Saved entries
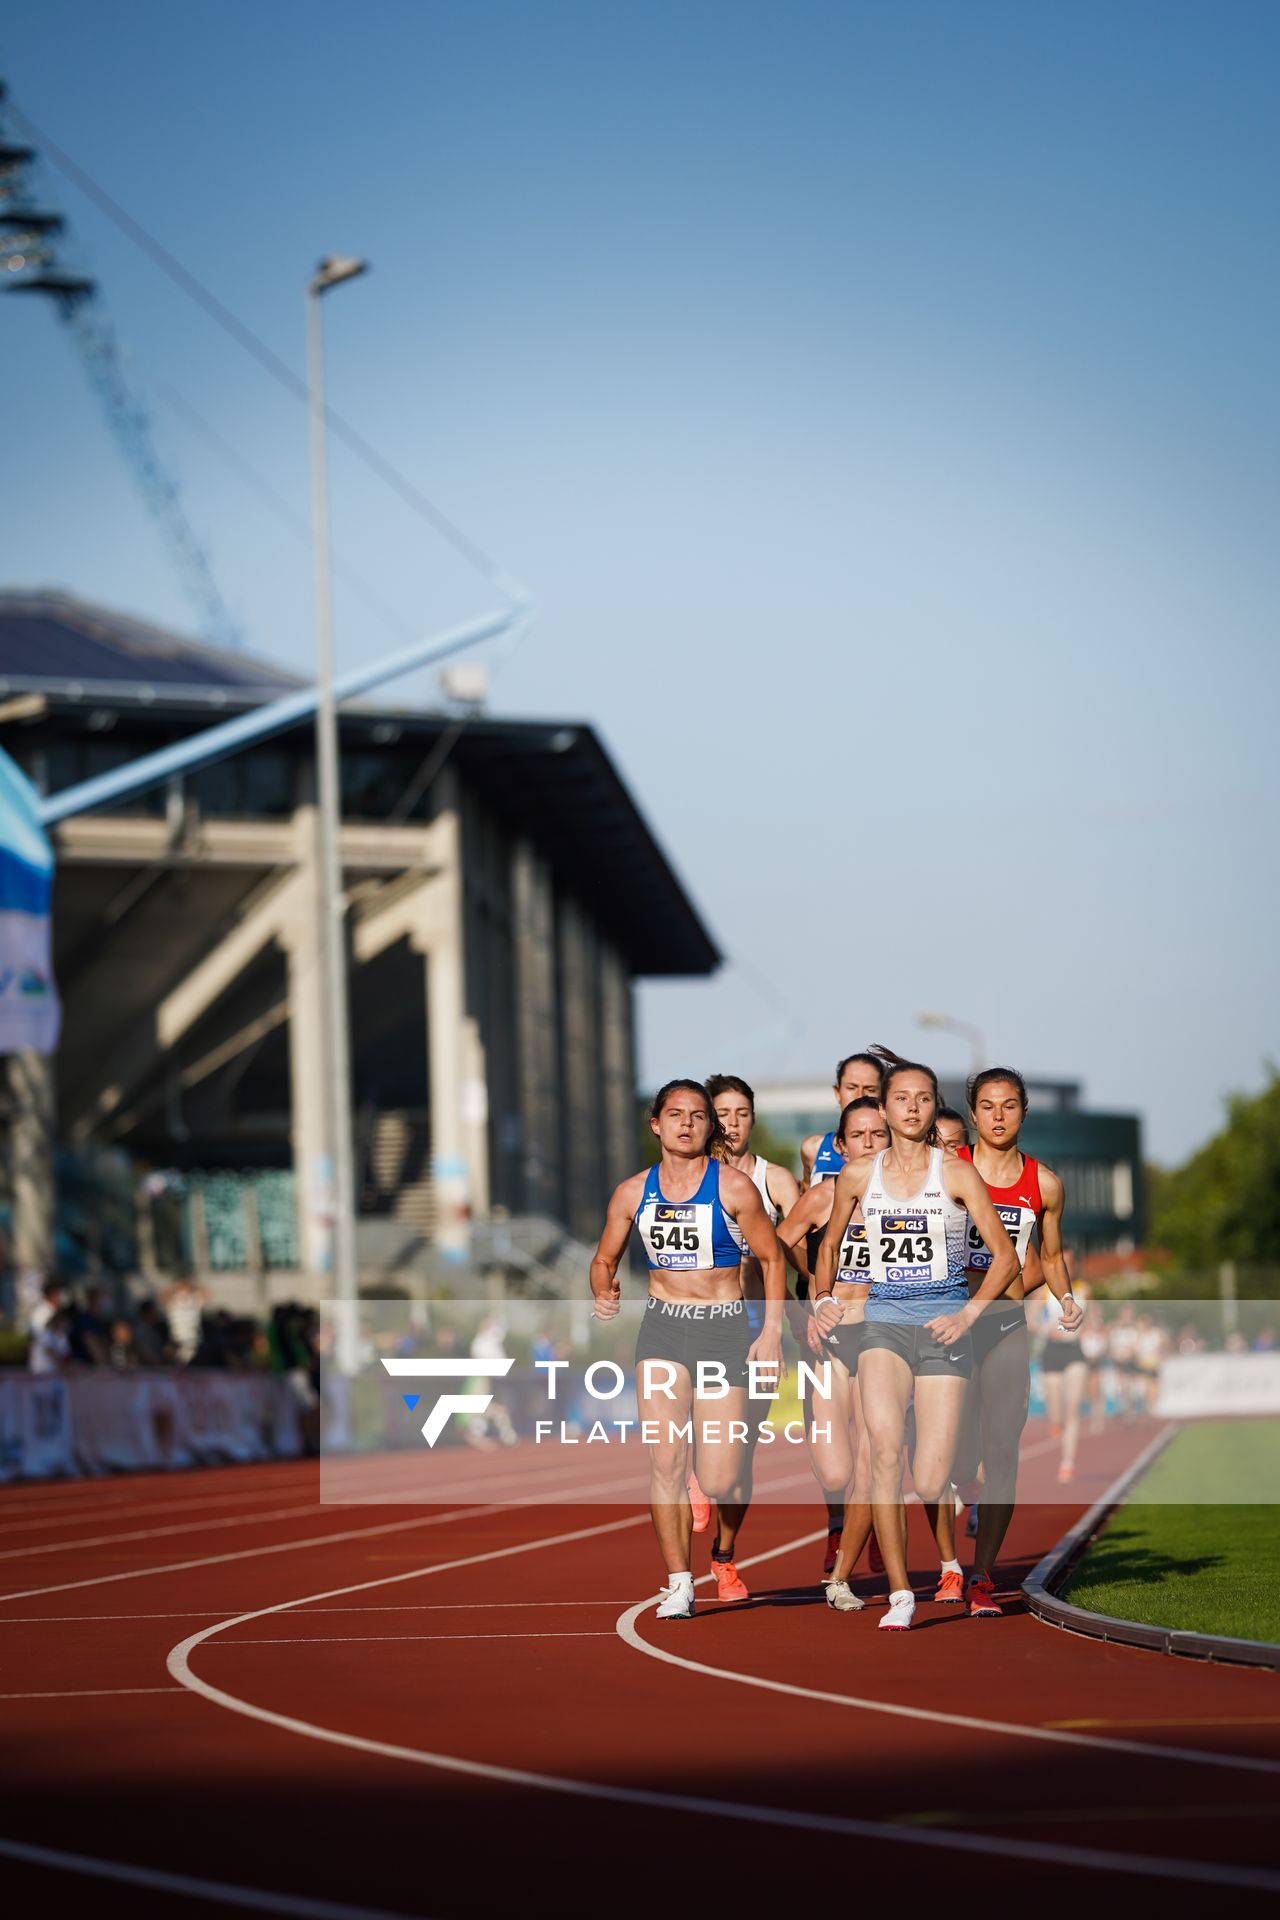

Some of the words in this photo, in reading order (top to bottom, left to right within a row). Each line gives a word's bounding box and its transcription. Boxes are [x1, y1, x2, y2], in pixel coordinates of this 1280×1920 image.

[674, 1210, 693, 1219] GLS
[1000, 1211, 1018, 1222] GLS
[905, 1220, 924, 1231] GLS
[650, 1226, 699, 1251] 545
[880, 1236, 933, 1263] 243
[671, 1256, 696, 1264] PLAN
[904, 1268, 930, 1277] PLAN
[661, 1303, 706, 1319] NIKE
[710, 1299, 743, 1319] PRO
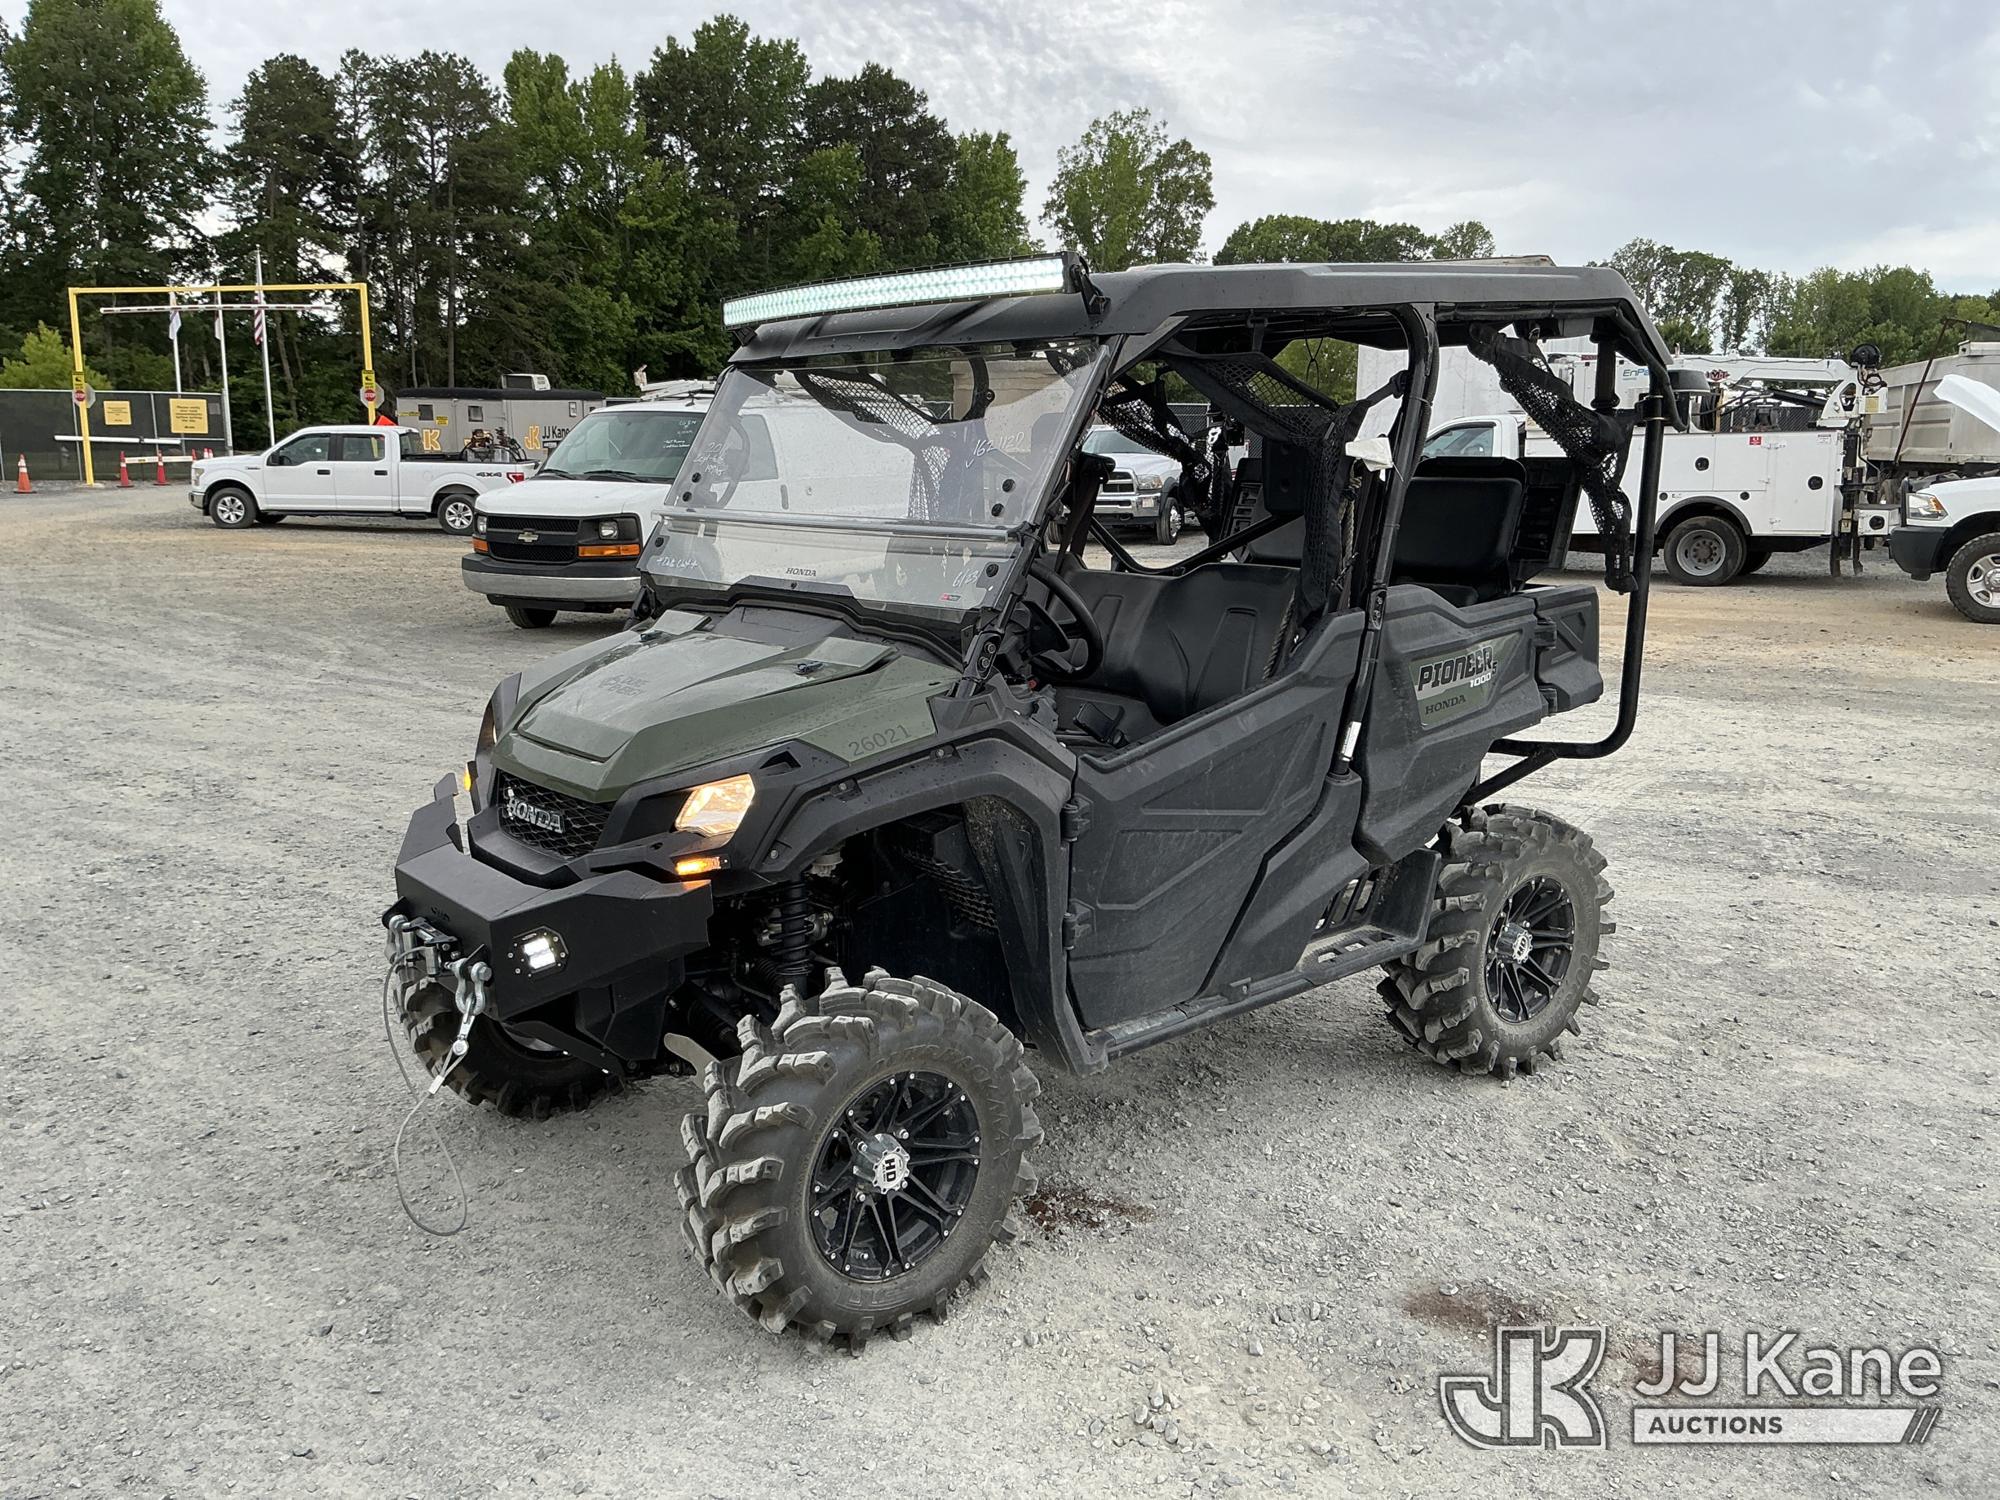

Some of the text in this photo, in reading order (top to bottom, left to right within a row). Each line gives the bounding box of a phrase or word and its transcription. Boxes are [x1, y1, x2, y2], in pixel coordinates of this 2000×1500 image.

[785, 567, 817, 577] HONDA
[1417, 646, 1494, 692] PIONEER
[1470, 672, 1492, 688] 1000
[1425, 694, 1466, 714] HONDA
[848, 724, 912, 756] 26021
[506, 797, 563, 834] HONDA
[885, 1158, 896, 1183] HD

▶ _WHAT THIS TASK INVOLVES_: Each entry should appear again exactly as written, pictures excluded.

▶ _ANSWER TO THE EXERCISE_:
Some of the words in this photo, in reading order (top to bottom, left to right within a row). Each line gives a word's bounding box and its transcription. Boxes are [x1, y1, x2, y2], in pixel coordinates of this 1280×1920 image.

[674, 1210, 693, 1219] GLS
[1000, 1211, 1018, 1222] GLS
[905, 1220, 924, 1231] GLS
[650, 1226, 699, 1251] 545
[880, 1236, 933, 1263] 243
[671, 1256, 696, 1264] PLAN
[904, 1268, 930, 1277] PLAN
[661, 1303, 706, 1319] NIKE
[710, 1299, 743, 1319] PRO

Some of the text in this photo, in reading order (top to bottom, left to right within a row). Each line gives the bounding box of a phrase or word and its transcription. Boxes are [x1, y1, x2, y2], in pixel coordinates of this 2000×1500 image.

[785, 567, 817, 577] HONDA
[1417, 646, 1494, 692] PIONEER
[1470, 672, 1492, 688] 1000
[1425, 694, 1466, 714] HONDA
[848, 724, 912, 756] 26021
[506, 797, 563, 834] HONDA
[885, 1158, 896, 1183] HD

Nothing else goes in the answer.